O empresário Paulo Cirne, proprietário do shopping Cirne Center, localizado no centro de Campina Grande, Agreste do estado, afirmou durante entrevista à Campina FM nesta quarta-feira (22) que “a situação é desastrosa” para os pequenos comerciantes que atuam no empreendimento. De acordo com ele, atualmente há 50 empreendedores com lojas na galeria, mas uma parte poderá não resistir à crise gerada pelo fechamento do comércio.
“A incerteza é grande porque não sabemos se o comércio abre no dia 03, se os shoppings também abrem, de modo que a gente fica sem saber como faz. Acredito que entre 10 e 12 lojas fecharão, com muitas pessoas demitidas e muitos pais e mães de família sem saber o que fazer”, declarou em entrevista a rádio Campina FM.

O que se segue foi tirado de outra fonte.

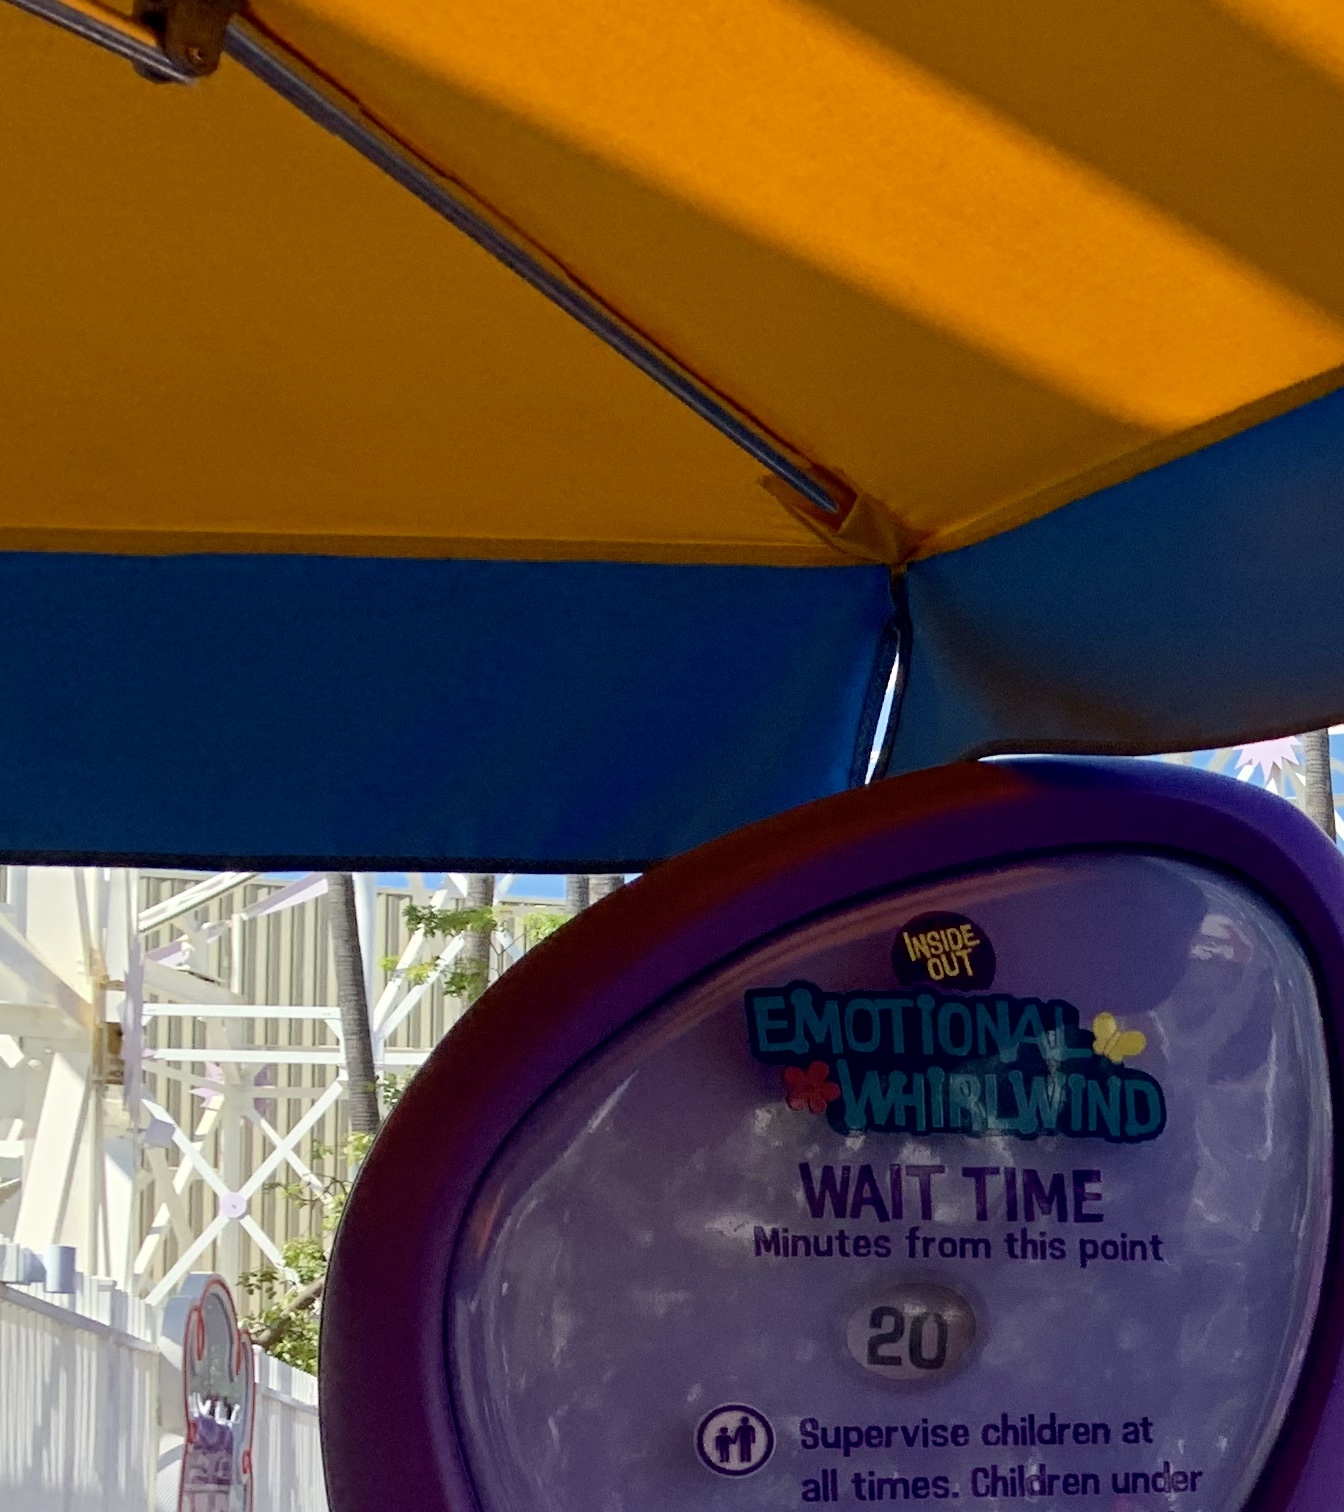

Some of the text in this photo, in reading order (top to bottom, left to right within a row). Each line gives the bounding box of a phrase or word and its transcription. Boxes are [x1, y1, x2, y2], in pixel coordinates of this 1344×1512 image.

Paulo explicou ainda que o próprio Cirne Center se vê diante de um impasse já que não tem como exigir dos lojistas o cumprimento de suas obrigações. “Nem o shopping recebe, e tem a consciência de que não pode receber, porque o lojista está sem faturar nada. Temos quarenta funcionários no shopping e estão praticamente todos de férias, mas vão voltar neste dia 23 e não sei como vou agir com eles”, admitiu.
O proprietário da galeria e mais cinco donos de lojas ouvidos pela rádio ainda reclamaram de uma ação do Procon Municipal ocorrida no último dia 15. Segundo eles, fiscais do órgão teriam agido de maneira arbitrária e com excesso determinando o fechamento de lojas que estavam abertas apenas para serviços de delivery ou ações internas. A ação, segundo os empresários, teria contado inclusive com o apoio da Polícia Militar.